There was a transcript of the show, so the pond's job in the slow Lane was done ...
Other offerings failed to stir, what with the pond anxious to get out and about and explore the Athens of the South ... (a title falsely claimed by croweaters) ...
Muslim Votes does not care about, nor represent, Muslims
Muslim Votes is a mix of the aggressive left, of opportunists, cynics, and the naive, with some undercover Liberal support in certain electorates, and idealists unaware of the strange amalgam which is this grouping.
By Jamal Rifi
Meanwhile, the ethnic cleansing goes on apace in Gaza - tremendous real estate opportunity - and the Poms finally get agitated ... about a couple of British MPs...
Then there was this ...
Dear pollies: take WFH from our cold, dead hands
I have no idea what a hybrid work-from-home model is, other than it sounds like the sort of a thing a car manufacturer would say. But the politics of work from home is like comedy.
By Jack the Insider
Columnist
That reminded the pond it had to get off this machine so that WFH could proceed apace ... quick, a relevant cartoon ...
Pickings were so thin, such a wretched gruel, that the pond had to turn to the lizard Oz editorialist, fresh from a bout of bog standard greenie bashing ...

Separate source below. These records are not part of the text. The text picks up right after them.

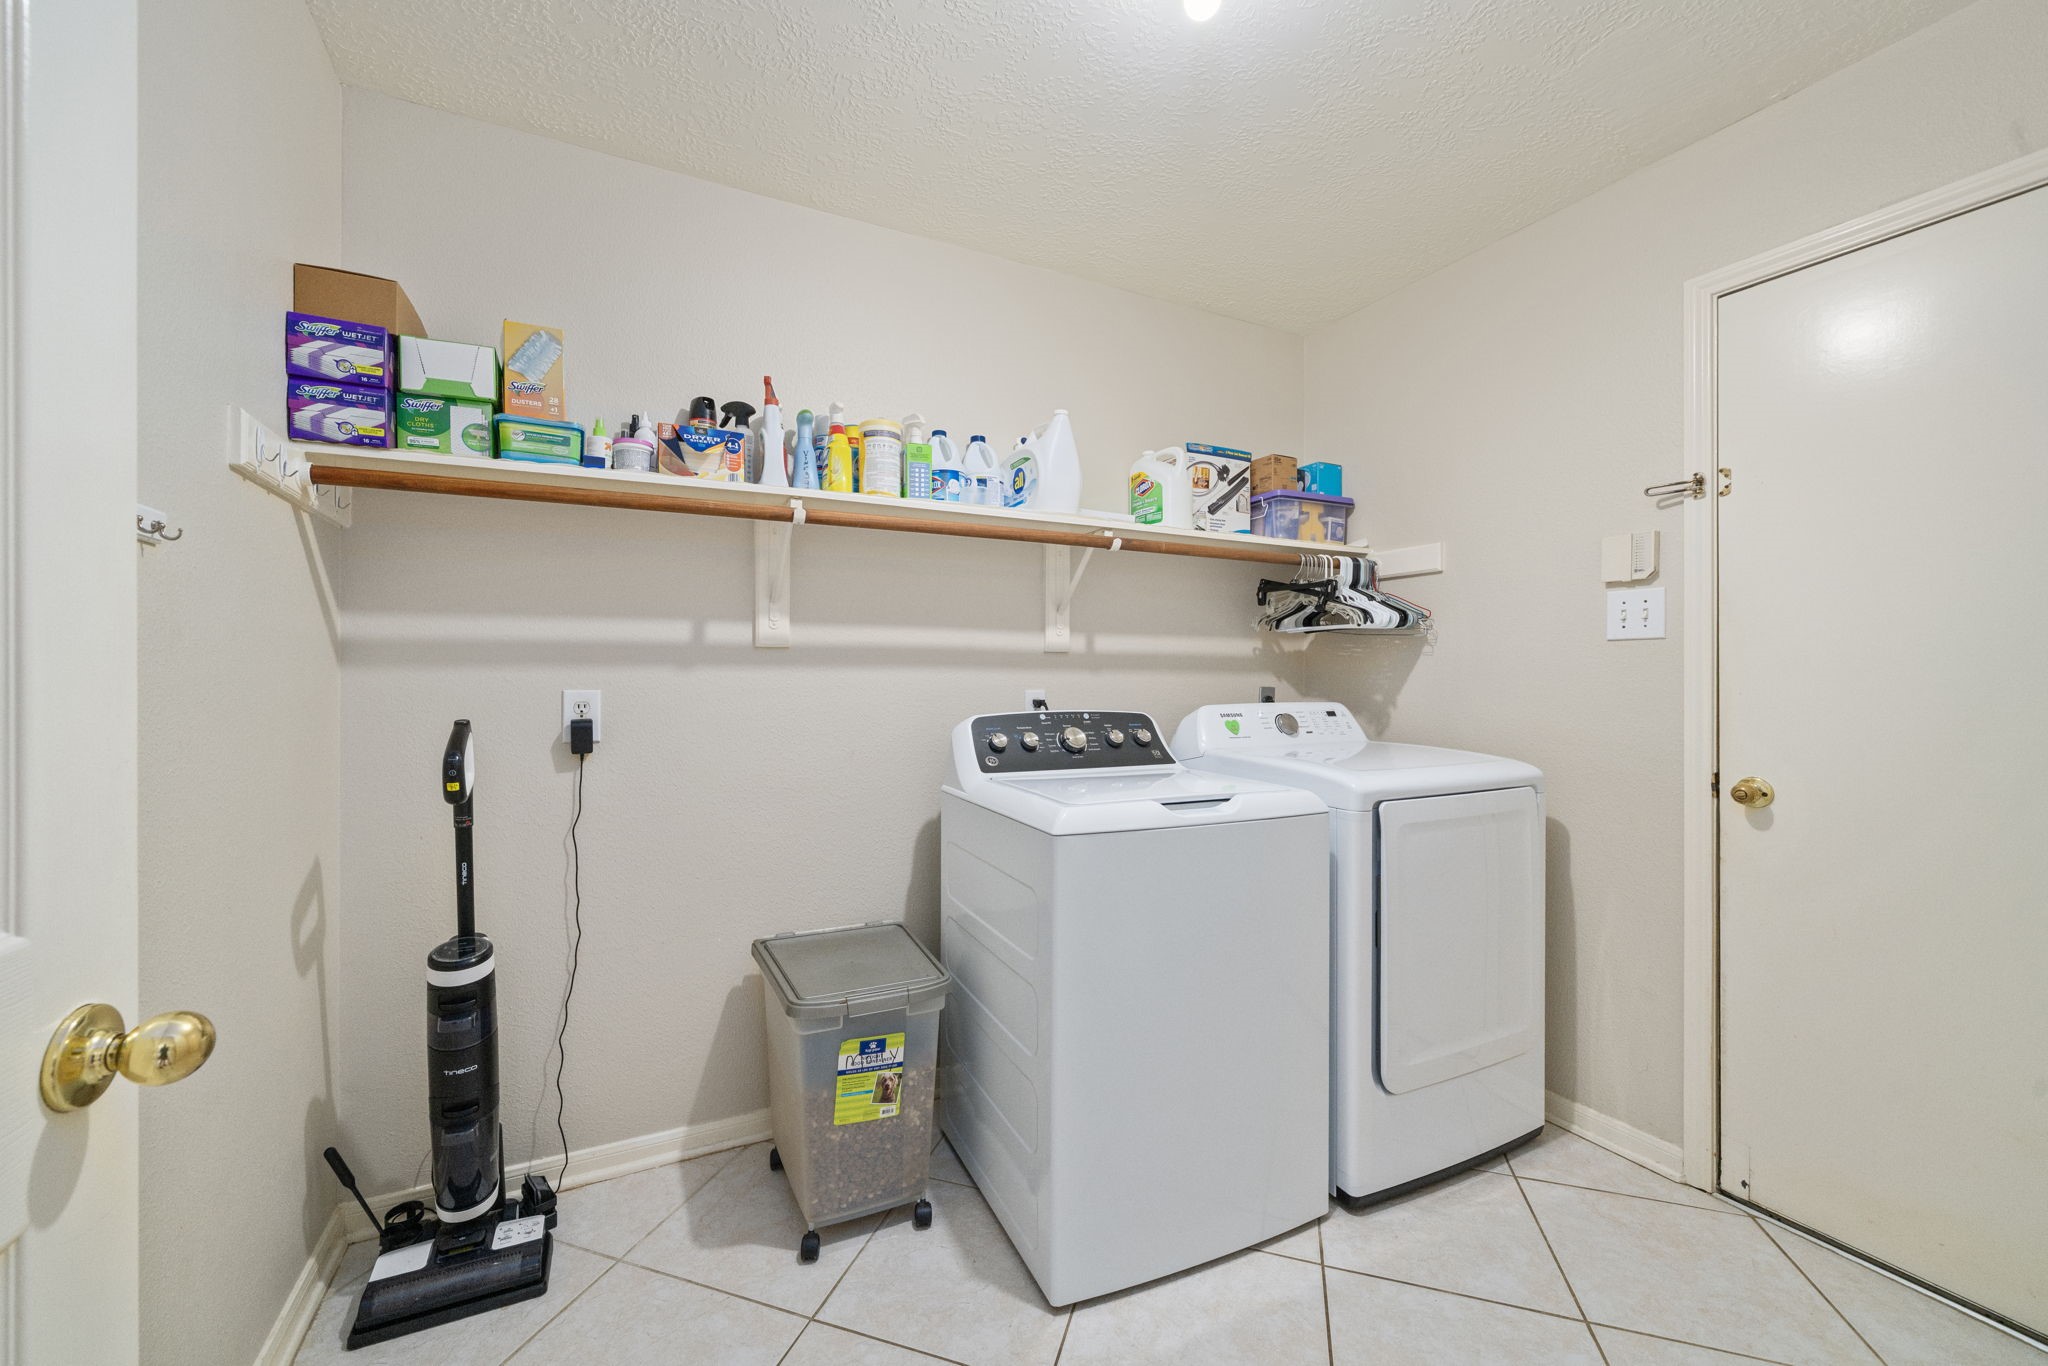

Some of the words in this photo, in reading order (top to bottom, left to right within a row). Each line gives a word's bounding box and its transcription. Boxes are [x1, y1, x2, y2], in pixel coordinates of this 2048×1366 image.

[295, 320, 340, 337] Swiffer
[342, 330, 379, 342] WETJET
[296, 384, 341, 399] Swiffer
[342, 393, 379, 403] WETJET
[508, 381, 544, 394] Swiffer
[401, 398, 443, 412] Swiffer
[511, 398, 542, 407] DUSTERS
[683, 433, 721, 442] DRYER
[1015, 471, 1024, 490] all

It was just a two minute, read or so the reptiles said ... Trade war is only getting started
US-China breakdown suggests wild ride on tariffs is far from over.
While Australia looks to friends in the US to argue our case on tariffs, we remain hostage to where the real action is taking place. This is between the US and China. As Treasury noted on Monday, if Donald Trump’s trade war persists, 80 per cent of the impact on Australia’s GDP will come from a slowdown in demand in China. Since Treasury did its pre-budget calculations, it has been all bad news on the US-China front.

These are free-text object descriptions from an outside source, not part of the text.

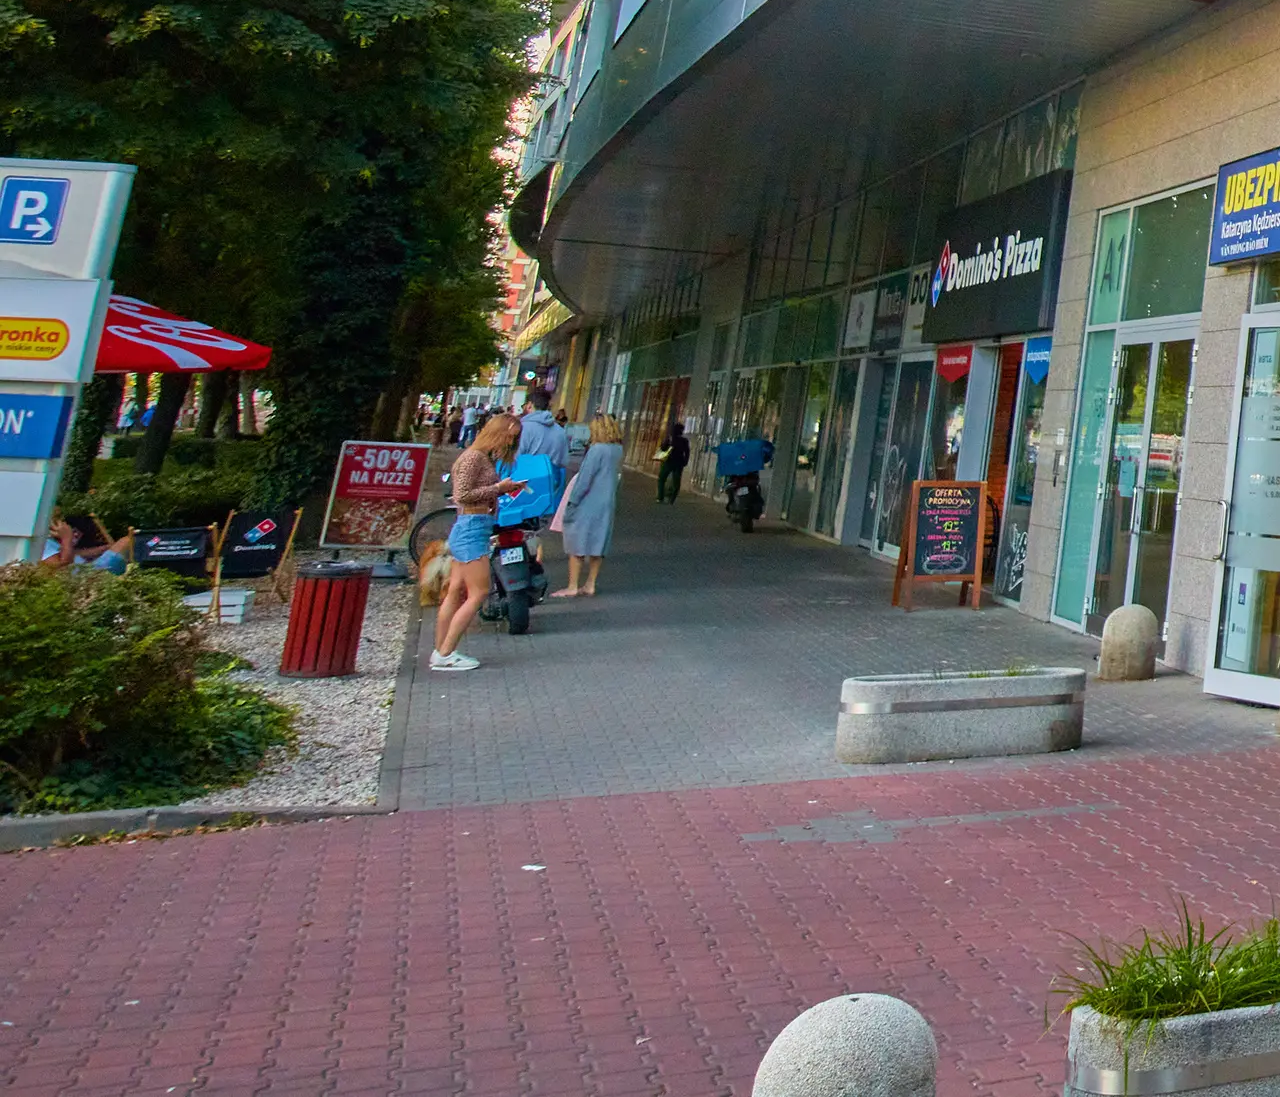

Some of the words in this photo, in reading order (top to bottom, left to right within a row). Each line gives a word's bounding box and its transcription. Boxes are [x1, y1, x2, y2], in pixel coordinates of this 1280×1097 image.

[10, 191, 48, 228] P
[1221, 219, 1252, 239] Katarzyna
[946, 237, 1003, 292] Domino's
[1002, 230, 1044, 278] Pizza
[0, 326, 60, 342] ronka
[354, 449, 415, 470] -50%
[350, 471, 369, 484] NA
[373, 472, 413, 486] PIZZE

As financial markets have tried to second-guess whether the US President is indulging in a high-stakes bluff, the trade war has morphed from a negotiating ploy to a full-blown diplomatic breakdown between the world’s two biggest economies. Mr Trump has doubled down on China, lifting tariffs by an additional 84 per cent, bringing the total of the tariffs imposed in his second term to 104 per cent. In what has been an escalating dispute, Mr Trump has imposed 20 per cent duties on Chinese imports in retribution for imports of the socially destructive drug fentanyl. He imposed an extra 34 per cent tariff on China as part of what was presented as a shock-and-awe global fightback.
When China said it would retaliate against his actions, Mr Trump imposed an additional 50 per cent tariff.
Unlike other nations – notably Israel, Vietnam and EU members – China has elected to hit back first rather than negotiate its position. Xi Jinping responded to the reciprocal tariff with a blanket 34 per cent tariff on all US imports as well as curbs on US access to rare-earth minerals. The language from the Chinese Communist Party leader through his economic and media bureaucracy is that China will fight to the end. On Tuesday, China’s central bank allowed the yuan to fall in value against the US dollar, offsetting some of the impact of tariffs. The state is expected to respond further with stimulus spending and direct market support for local companies. All of these measures have grave economic risks for China and point to the political pressure the tariffs represent for Mr Xi.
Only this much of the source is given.